Records from a data source:
╭──

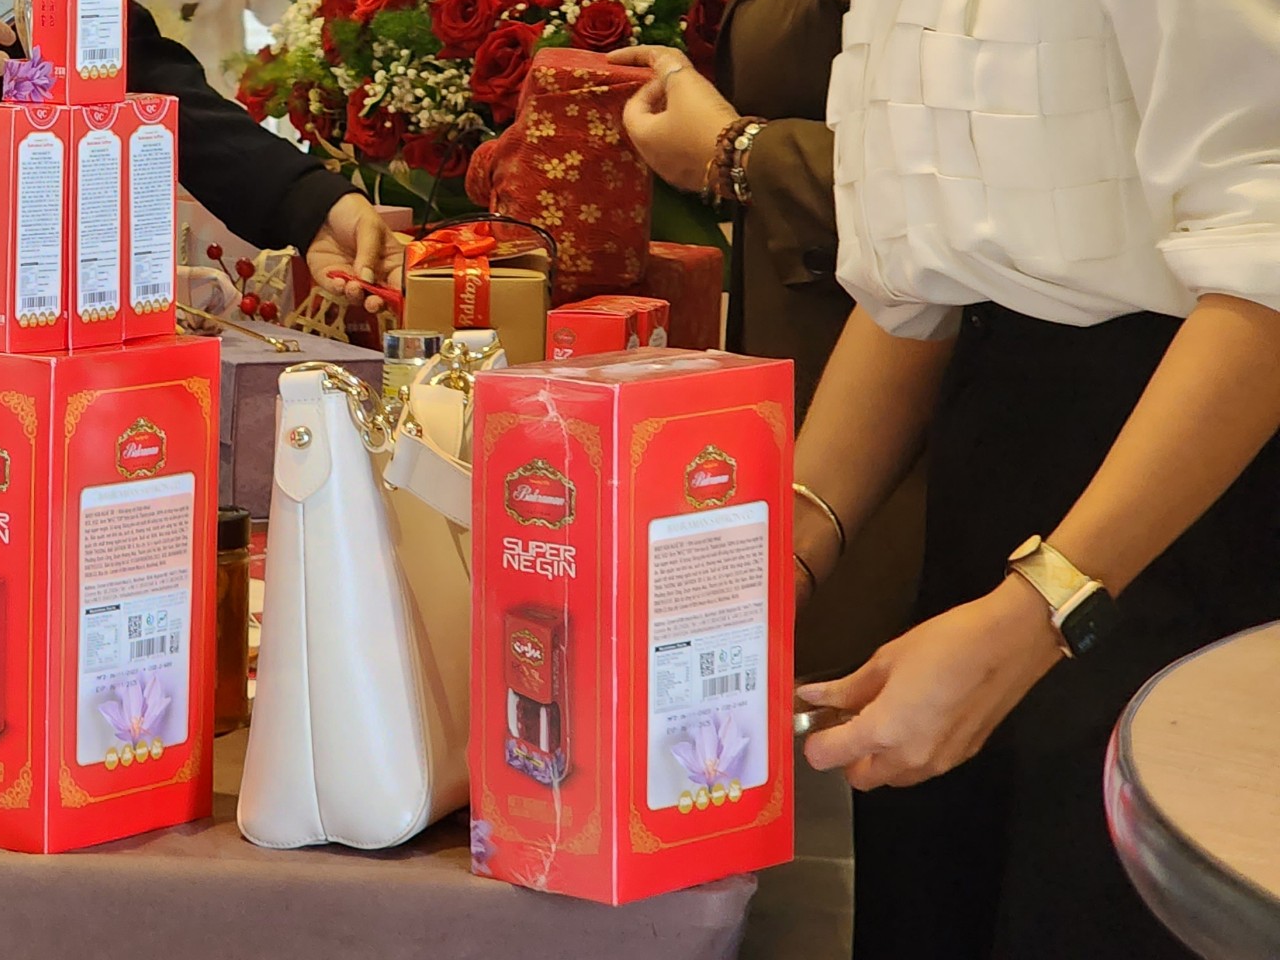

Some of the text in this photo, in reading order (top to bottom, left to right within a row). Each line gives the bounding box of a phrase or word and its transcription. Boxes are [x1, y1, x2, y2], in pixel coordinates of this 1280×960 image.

[36, 109, 47, 119] QC
[146, 104, 157, 114] QC
[93, 111, 104, 121] QC
[502, 537, 577, 562] SUPER
[502, 552, 577, 581] NEGIN

╰──

• [Problem description]:
Without the pictures, reproduce every record exactly as it appears above.

• [Your solution]:
Some of the text in this photo, in reading order (top to bottom, left to right within a row). Each line gives the bounding box of a phrase or word and its transcription. Boxes are [x1, y1, x2, y2], in pixel coordinates of this 1280×960 image.

[36, 109, 47, 119] QC
[146, 104, 157, 114] QC
[93, 111, 104, 121] QC
[502, 537, 577, 562] SUPER
[502, 552, 577, 581] NEGIN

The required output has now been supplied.